The service passage was narrower than Ethan remembered from the map in his head.
Not physically. The walls were the same poured concrete, old pipes running low along one side, cable trays bolted overhead, paint flaking where moisture had worked its way through. But now there were three of them inside it, moving under stolen seconds, and every inch had to hold breath, pain, and the sound of pursuit that had not started yet.
Adrian went first.
He carried the tool bag against his side so it would not clink. Ethan stayed behind Tessa, close enough to catch her if her leg gave out, not close enough to make her feel handled. She had refused his arm after the first bend with one look.
"I can walk," she had whispered.
"I know."
"Then stop hovering like a bad medic."
So he had stopped.
Almost.
Behind them, the service door gave one final mechanical hum as it reset into lock.
The camp noise faded by layers. Bowls, voices, ration carts, guard calls. Then only pipes. Their own footsteps. Tessa's controlled breathing.
Ethan counted.
Eight steps to the first junction.
Right turn.
Fourteen to the condensation patch.
Low pipe.
Duck.
Adrian glanced back once, face pale in the emergency strip light.
Still clear.
They passed beneath the fogged camera at the first steam bend. The lens blinked red through the vapor and saw nothing useful. Nina had been right.
For one minute, maybe less, the route worked exactly as planned.
That was what made the first wrong thing so loud.
Adrian stopped.
Ethan nearly ran into Tessa.
Ahead, at the second service hatch, a yellow indicator glowed above the access panel.
Locked.
It should have been dark.
Ethan moved past Tessa and crouched by the panel. The shim Nina had given him slid under the casing, thin metal finding the seam. He pressed where the latch should have had slack.
Nothing.
He tried again.
Still nothing.
Adrian whispered, "That door was supposed to be in maintenance cycle."
"It was."
Tessa leaned one shoulder against the wall. "Is it jammed?"
"No."
Ethan touched the panel again, feeling the vibration through the metal.
Powered lock.
Active override.
Too early.
His stomach dropped before his mind finished the thought.
Behind them, somewhere past the bend, a speaker clicked on.
Not an alarm.
Worse.
A calm voice said, "East service block, hold position."
Adrian's eyes met Ethan's.
Tessa closed her eyes for half a second.
"No," Ethan said under his breath.
The speaker clicked off.
Then came boots.
Not many. Not a flood. Four, maybe five, moving fast from the laundry side. From exactly the direction they had come.
Adrian grabbed Ethan's sleeve. "They knew."
Ethan pulled the shim free. "Move."
"Where?"
He looked left.
A secondary pipe crawl. Too narrow for a normal cart. Too low for fast movement. On Nina's route, it had been only a fallback to reach the lower drainage feeder.
If the grate was still open.
If no one had sealed it.
If Tessa could make the crawl.
Another set of boots sounded ahead, beyond the locked hatch.
Not a search.
A closure.
Ethan's skin went cold.
"They're not chasing," Tessa said.
Her voice was flat with recognition.
"They're catching."
Ethan tore the loose maintenance cover off the pipe crawl.
Adrian went down first, sliding the tool bag ahead of him.

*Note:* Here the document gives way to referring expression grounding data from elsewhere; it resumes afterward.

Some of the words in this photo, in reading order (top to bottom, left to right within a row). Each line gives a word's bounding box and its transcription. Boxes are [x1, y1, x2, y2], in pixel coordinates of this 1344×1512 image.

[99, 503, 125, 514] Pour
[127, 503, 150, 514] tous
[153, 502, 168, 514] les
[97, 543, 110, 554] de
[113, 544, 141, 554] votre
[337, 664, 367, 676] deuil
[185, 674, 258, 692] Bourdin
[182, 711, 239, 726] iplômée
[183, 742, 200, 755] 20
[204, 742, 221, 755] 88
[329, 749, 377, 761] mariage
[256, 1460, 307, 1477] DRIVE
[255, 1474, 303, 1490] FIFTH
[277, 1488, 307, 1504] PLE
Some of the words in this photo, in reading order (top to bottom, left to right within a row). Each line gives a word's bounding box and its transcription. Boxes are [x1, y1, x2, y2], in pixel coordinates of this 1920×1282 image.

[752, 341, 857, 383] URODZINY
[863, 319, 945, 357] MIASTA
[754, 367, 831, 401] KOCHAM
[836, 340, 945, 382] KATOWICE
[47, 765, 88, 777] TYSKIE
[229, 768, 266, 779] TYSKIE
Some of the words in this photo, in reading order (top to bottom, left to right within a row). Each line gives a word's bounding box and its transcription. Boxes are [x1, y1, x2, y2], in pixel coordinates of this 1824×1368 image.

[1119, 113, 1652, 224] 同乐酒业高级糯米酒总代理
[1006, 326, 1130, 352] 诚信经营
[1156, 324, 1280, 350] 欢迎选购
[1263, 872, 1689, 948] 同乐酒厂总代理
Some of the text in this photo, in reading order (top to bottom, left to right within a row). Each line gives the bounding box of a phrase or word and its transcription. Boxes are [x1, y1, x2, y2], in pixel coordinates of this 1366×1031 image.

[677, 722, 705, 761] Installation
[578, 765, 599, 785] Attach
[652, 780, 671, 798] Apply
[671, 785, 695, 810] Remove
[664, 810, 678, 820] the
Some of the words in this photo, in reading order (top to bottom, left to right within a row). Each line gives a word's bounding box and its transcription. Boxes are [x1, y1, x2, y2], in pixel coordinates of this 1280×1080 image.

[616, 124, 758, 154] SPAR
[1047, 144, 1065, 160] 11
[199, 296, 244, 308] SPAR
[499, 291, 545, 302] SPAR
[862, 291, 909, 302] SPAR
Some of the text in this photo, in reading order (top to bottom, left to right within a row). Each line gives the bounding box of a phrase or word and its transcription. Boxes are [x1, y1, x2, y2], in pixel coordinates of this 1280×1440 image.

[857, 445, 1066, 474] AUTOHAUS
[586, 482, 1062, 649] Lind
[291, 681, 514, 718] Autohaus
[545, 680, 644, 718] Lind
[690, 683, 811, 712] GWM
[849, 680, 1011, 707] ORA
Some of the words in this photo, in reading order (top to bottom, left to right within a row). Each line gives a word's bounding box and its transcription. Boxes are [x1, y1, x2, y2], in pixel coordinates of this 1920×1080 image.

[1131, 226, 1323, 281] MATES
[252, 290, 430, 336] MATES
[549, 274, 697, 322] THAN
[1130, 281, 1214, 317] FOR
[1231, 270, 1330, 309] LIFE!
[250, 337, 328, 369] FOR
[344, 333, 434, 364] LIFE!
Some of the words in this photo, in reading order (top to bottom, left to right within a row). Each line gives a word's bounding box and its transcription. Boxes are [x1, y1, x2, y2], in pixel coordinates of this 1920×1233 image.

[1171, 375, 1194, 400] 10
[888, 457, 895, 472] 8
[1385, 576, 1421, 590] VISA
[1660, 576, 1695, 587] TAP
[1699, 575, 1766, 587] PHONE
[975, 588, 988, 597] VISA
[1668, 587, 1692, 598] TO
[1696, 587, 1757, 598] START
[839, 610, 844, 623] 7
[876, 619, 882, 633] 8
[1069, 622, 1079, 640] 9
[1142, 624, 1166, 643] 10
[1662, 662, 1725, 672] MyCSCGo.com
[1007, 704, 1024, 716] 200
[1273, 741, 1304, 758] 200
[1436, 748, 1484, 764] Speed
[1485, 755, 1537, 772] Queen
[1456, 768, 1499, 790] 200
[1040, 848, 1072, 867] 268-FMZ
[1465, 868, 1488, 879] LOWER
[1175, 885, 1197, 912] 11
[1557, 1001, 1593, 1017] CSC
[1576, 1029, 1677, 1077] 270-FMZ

Ethan turned to Tessa.
She looked at the opening, then at him.
"Don't say it," she said.
"I didn't."
"You were about to."
He helped her down anyway. She let him, because there was no time left for pride to pretend it was strategy.
The crawl stank of rust, standing water, and old chemical wash. Metal scraped Ethan's shoulders as he followed. Behind him, the service corridor lit up with hard white beams.
"Contact in east utility," a guard called.
Too precise.
Too immediate.
Ethan's jaw tightened until it hurt.
They had not been seen by chance. They had been placed on a board before they ever moved.
Adrian crawled fast, one hand dragging the bag, the other testing the floor ahead. Tessa moved in short, brutal pulls. Ethan heard each breath she swallowed and hated every inch.
The crawl opened into a lower cable junction barely high enough to stand hunched.
Adrian slid out and helped Tessa through before Ethan dropped beside them. To the left, a maintenance ladder led down toward drainage. To the right, a short hall ended in another access gate.
The gate was already shut.
Red light.
Active lock.
Tessa stared at it.
Adrian whispered, "How many did they change?"
"All the ones that matter," Ethan said.
A shout echoed from the crawl behind them.
Ethan shoved the maintenance cover back across the opening. It would not hold. It only had to confuse the first few seconds.
They moved down the ladder.
Tessa's boot slipped on the third rung.
Ethan caught her around the waist before she fell. She bit down hard enough that he heard her teeth click, then pulled herself back onto the rung.
"I'm fine," she hissed.
"You're not."
"Not relevant."
Adrian reached the bottom and froze.
Ethan looked down past Tessa's shoulder.
Two guards stood at the drainage junction below.
Not patrolling.
Waiting.
One had a rifle low but ready. The other held a handlamp and looked directly up at the ladder.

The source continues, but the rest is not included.